Barth in Context, the Other and looking at Weimar


I have been finishing up my paper that I will be reading at the Conference of Faith/History on Barth, Badiou and the event with a response to Mark Lilla's critique of both figures. I will be posting my paper shortly on the topic. To some extent, I argue, along with Jeffrey Stout, that Barth offers a "tentative" line between the secular and the sacred that is somewhat negotiated in the public space. I don't know whether to call it post-secular or not, but I do think it looks ahead to the mid-1980s when post-secularism begins.

With comps on the horizon I have started to look into the historical background of Barth's work. One of the first books I will be reading is Peter Gay's Weimar Culture: The Outsider as Insider (which studies the 1920s of German expressionism at its peak before the Nazis take power). Barth as a Swiss citizen teaching in Weimar Germany was definitely an outsider in the academic world. Romans II with its language of Krisis definitely embodies the tone of German expressionism.

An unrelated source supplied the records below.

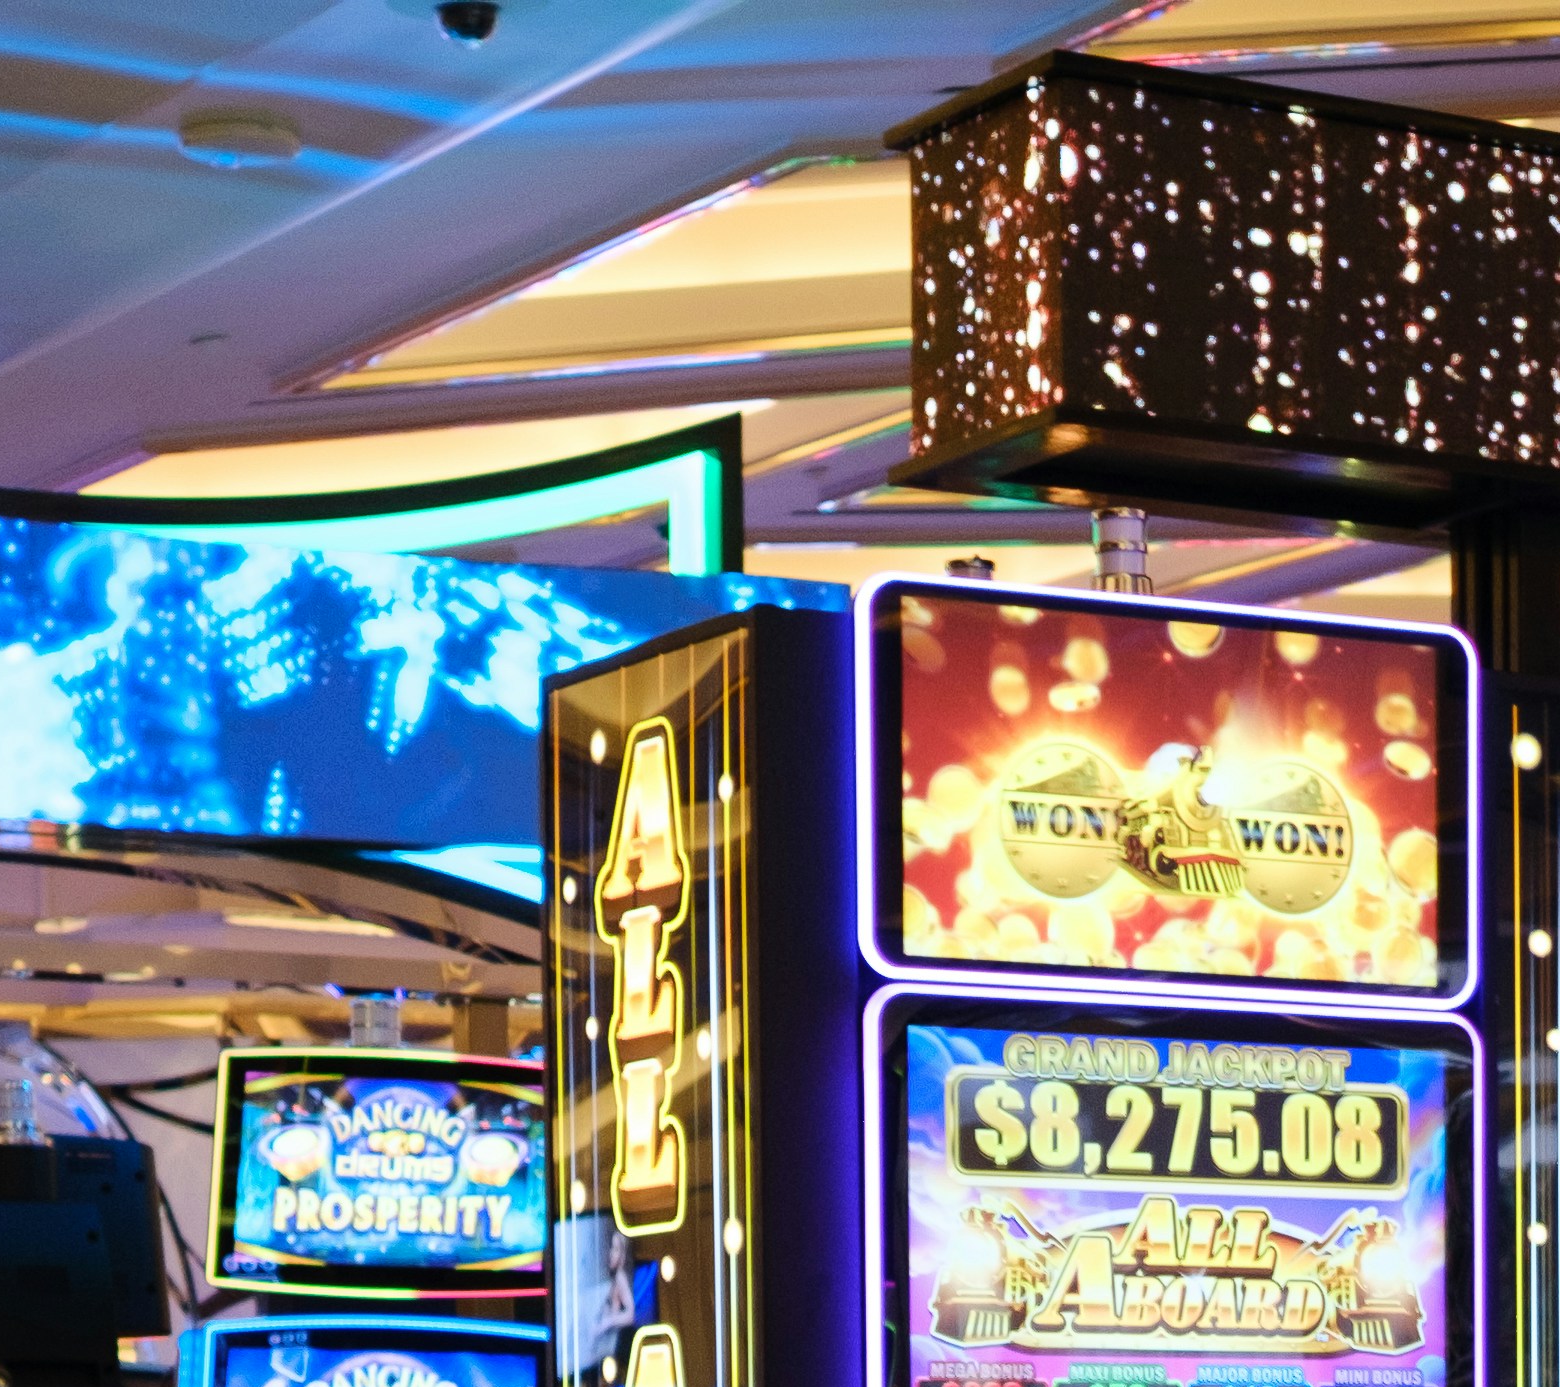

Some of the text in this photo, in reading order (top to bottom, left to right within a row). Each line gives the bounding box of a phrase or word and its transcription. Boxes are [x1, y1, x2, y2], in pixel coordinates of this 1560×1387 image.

[1236, 817, 1346, 858] WON!
[595, 716, 687, 1236] ALL
[1005, 1035, 1351, 1092] GRAND JACKPOT
[330, 1101, 466, 1147] DANCING
[974, 1080, 1382, 1180] $8,275.08
[272, 1186, 511, 1239] PROSPERITY
[1115, 1194, 1278, 1274] ALL
[1032, 1232, 1327, 1337] ABOARD
[930, 1362, 1034, 1380] MEGA BONUS
[1070, 1365, 1166, 1383] MAXI BONUS
[1198, 1367, 1304, 1385] MAJOR BONUS
[1335, 1369, 1422, 1386] MINI BONUS
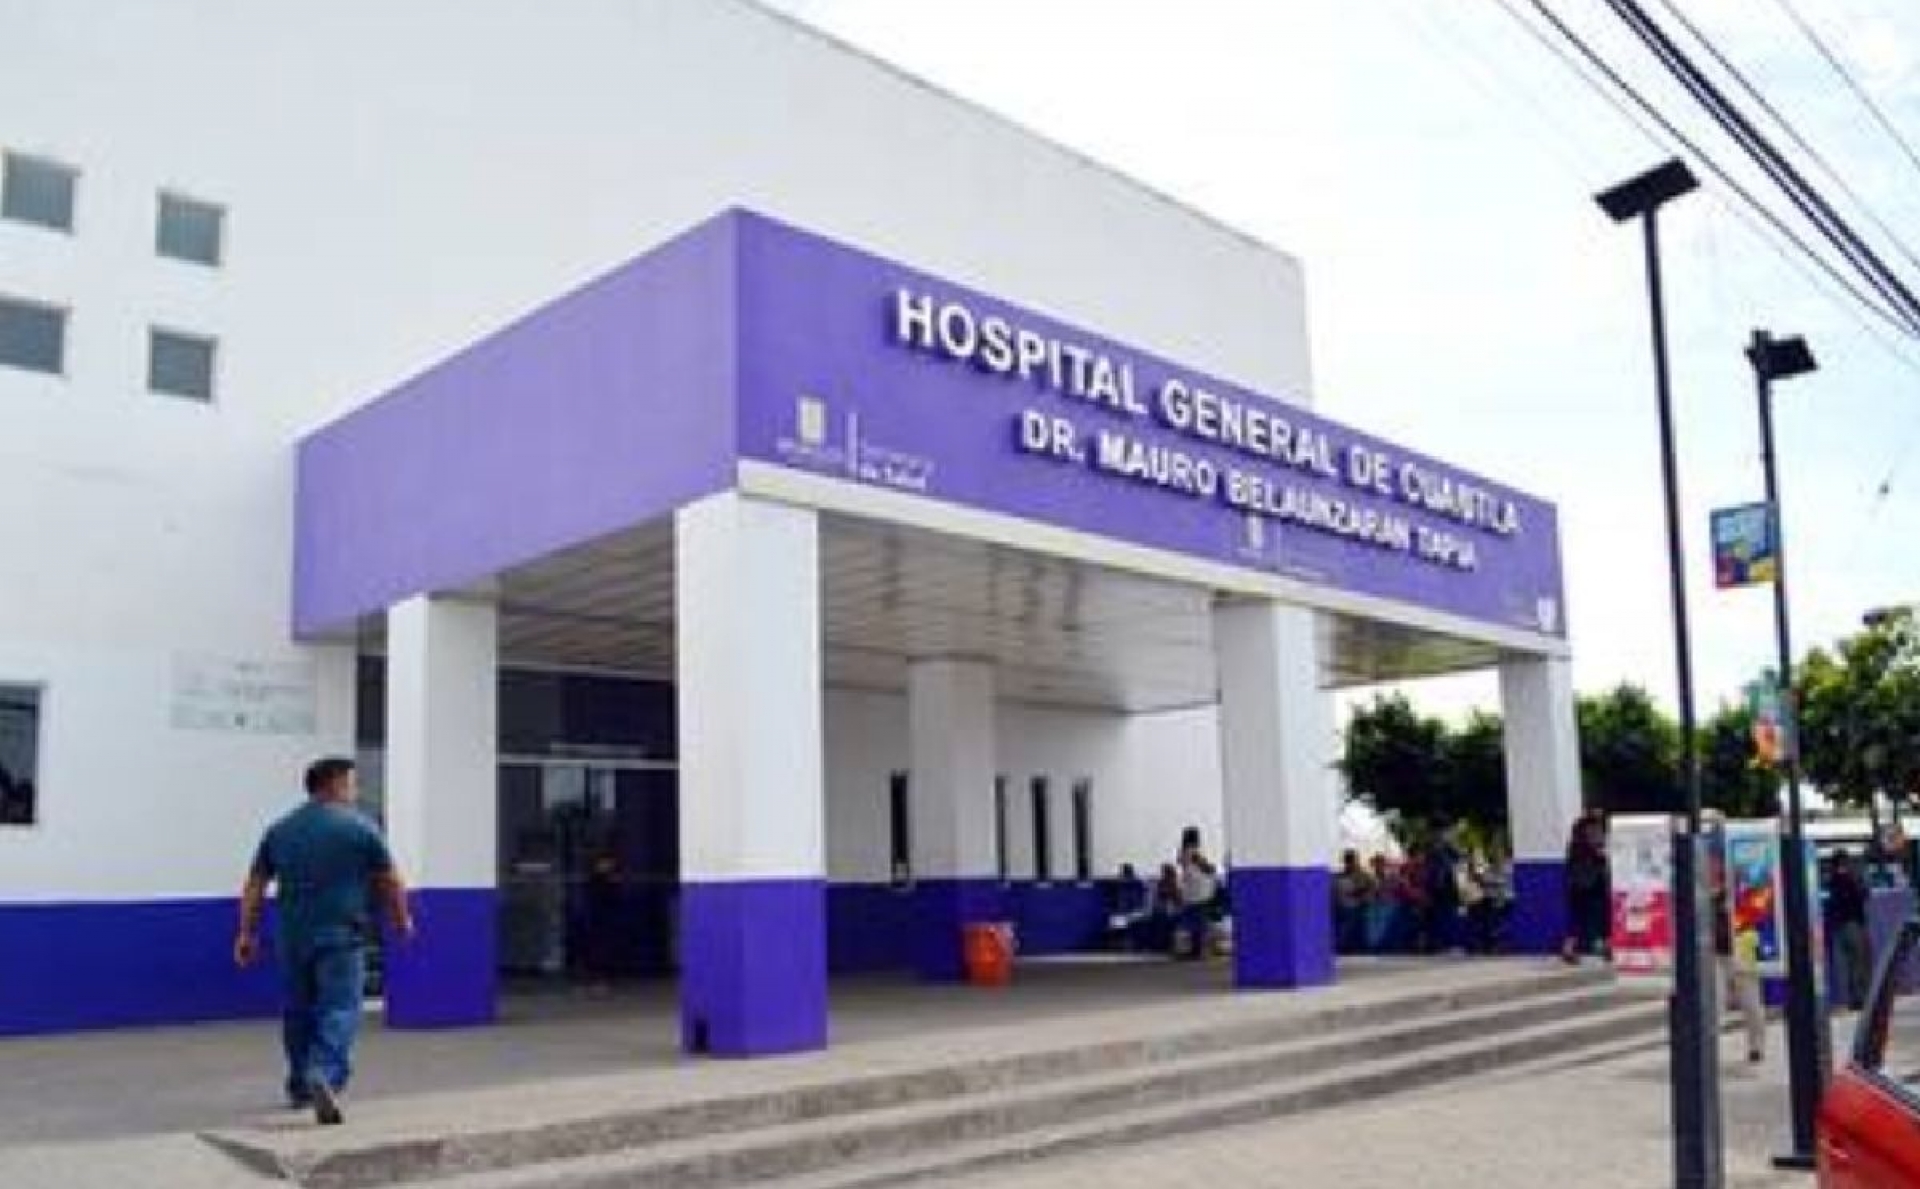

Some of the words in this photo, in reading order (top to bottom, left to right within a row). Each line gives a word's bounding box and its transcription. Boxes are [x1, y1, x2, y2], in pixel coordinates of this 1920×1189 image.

[898, 288, 1149, 415] HOSPITAL
[1161, 379, 1338, 476] GENERAL
[1350, 444, 1392, 494] DE
[1401, 462, 1522, 534] CUANTLA
[1022, 409, 1085, 462] DR.
[1098, 428, 1216, 495] MAURO
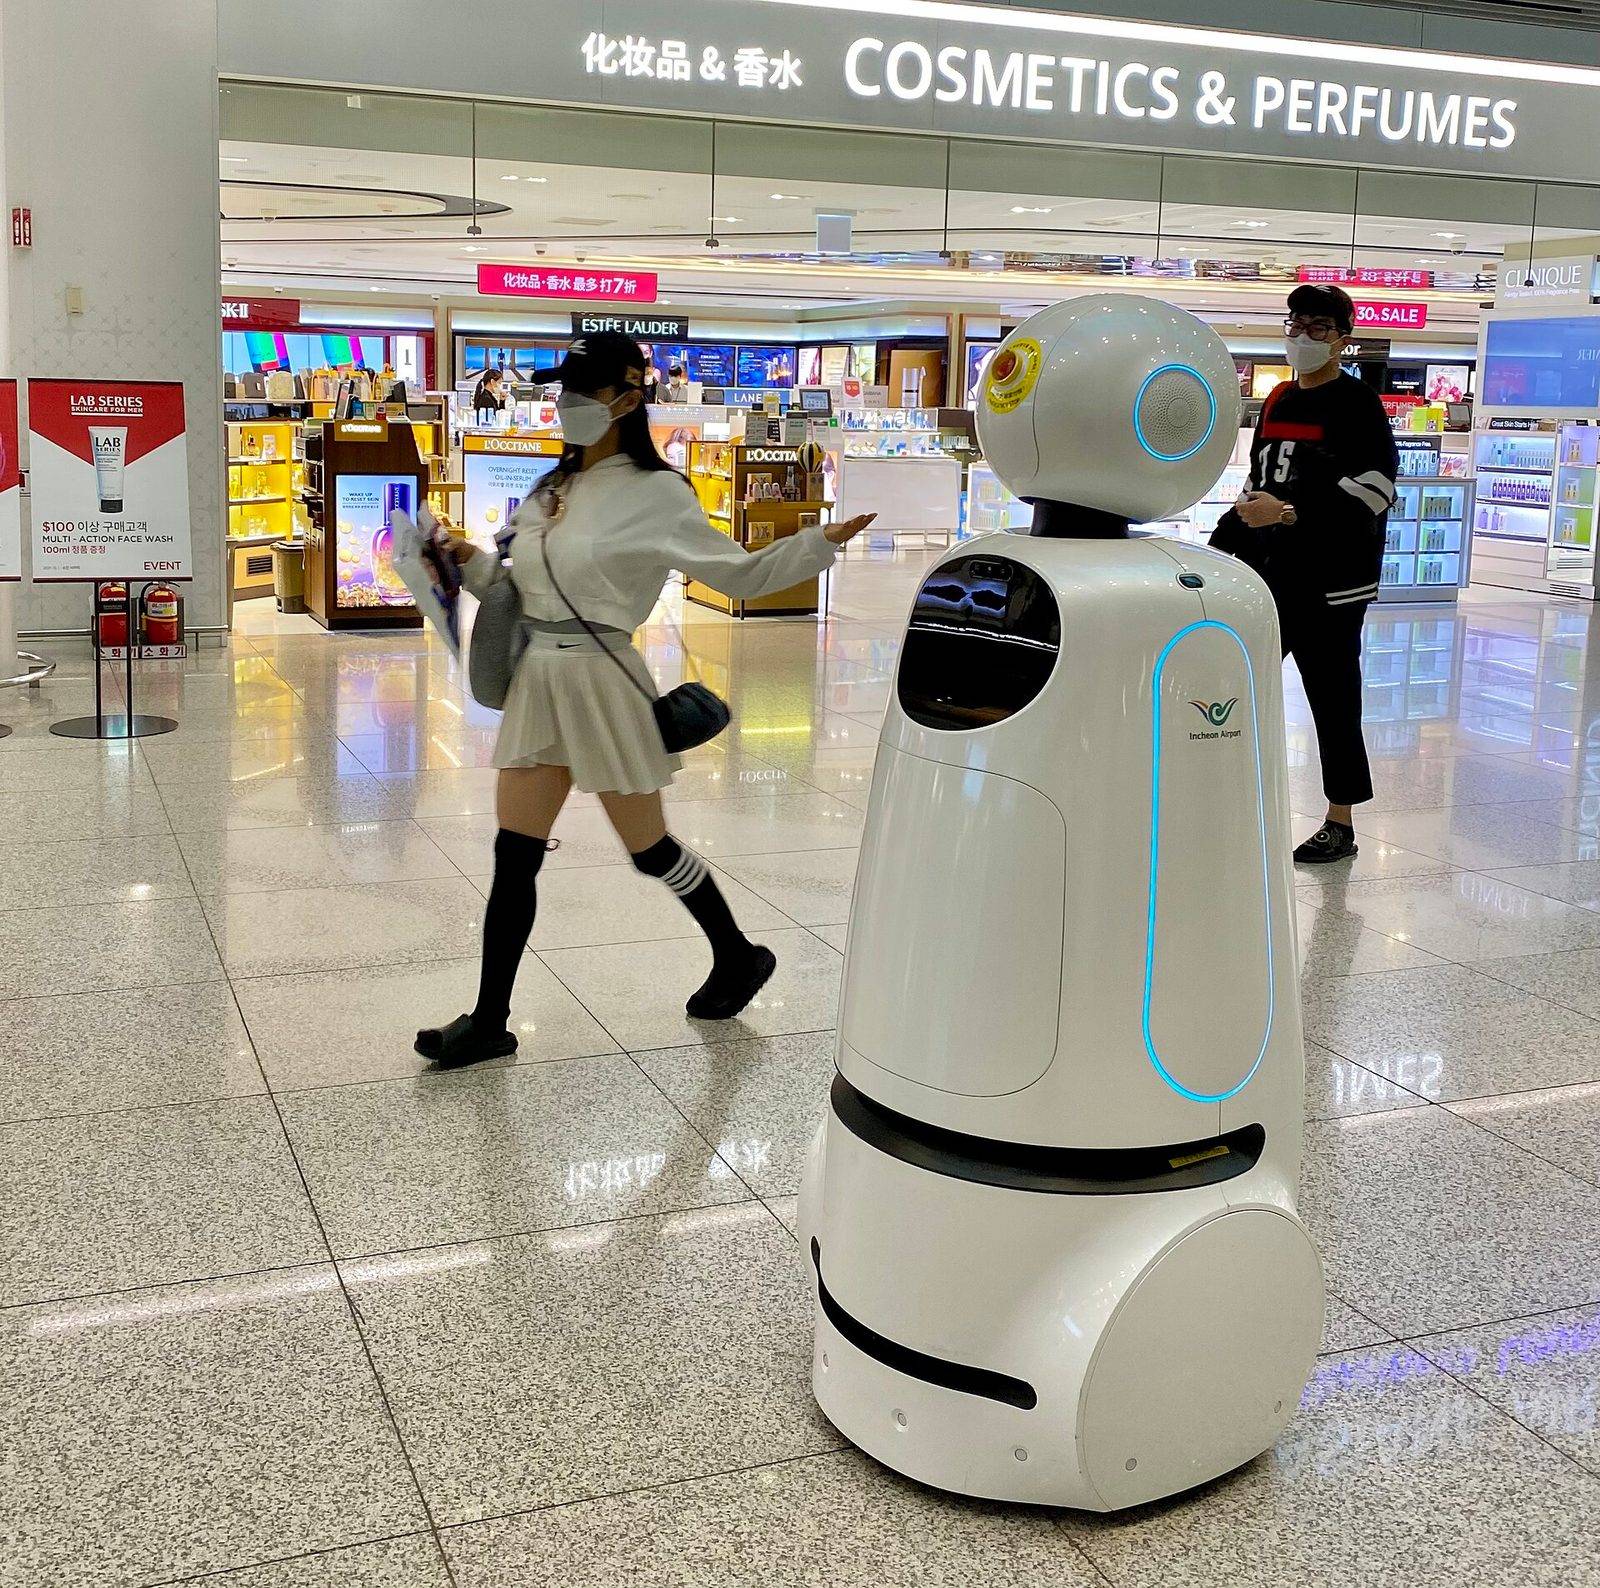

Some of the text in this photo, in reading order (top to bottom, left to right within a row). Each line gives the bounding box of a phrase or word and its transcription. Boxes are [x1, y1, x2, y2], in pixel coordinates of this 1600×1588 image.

[580, 31, 803, 90] 化妆品 & 香水
[844, 37, 1518, 149] COSMETICS & PERFUMES
[1505, 265, 1582, 289] CLINIQUE
[1356, 306, 1419, 323] 30% SALE
[625, 320, 679, 335] LAUDER
[70, 395, 143, 407] LAB SERIES
[1382, 401, 1417, 410] ERFUMES
[95, 436, 121, 447] LAB
[484, 438, 542, 452] L'OCCITANE
[746, 448, 798, 461] L'OCCITA
[42, 521, 148, 534] $100 이상 구매고객
[42, 535, 71, 543] MULTI
[79, 535, 115, 543] ACTION
[117, 535, 142, 543] FACE
[144, 535, 174, 543] WASH
[42, 546, 70, 554] 100ml
[71, 545, 88, 554] 정품
[143, 561, 182, 571] EVENT
[1189, 730, 1241, 740] Incheon Airport

Another book that has been sitting on my bookshelf for awhile but I will finally delve into is Samuel Moyn's Origins of the Other (where he makes the claim that Levinas' phenomenology of the Other has its roots in the theology of encounter from Kierkegaard and Barth). One of my goals is to articulate this theory a little further for a conference at Biola next year on Justice and Narrative by looking at Jewish/Muslim contemporaries and how they either agree or differ with Barth on this subject (may even bring Zizek/Badiou's critique of the language of the Other as a starting point).

In short, there is something about the social/cultural trends that either a thinker takes on or reacts to. It seems, whether consciously or not, Barth took on the language of German expressionism, German-Jewish phenomenology and French existentialism (a number of books make this point). However, he took these trends and read them through the theology of encounter with the Christian God of revelation. I know my reading of Barth has really grown now that I have taken historical context more seriously.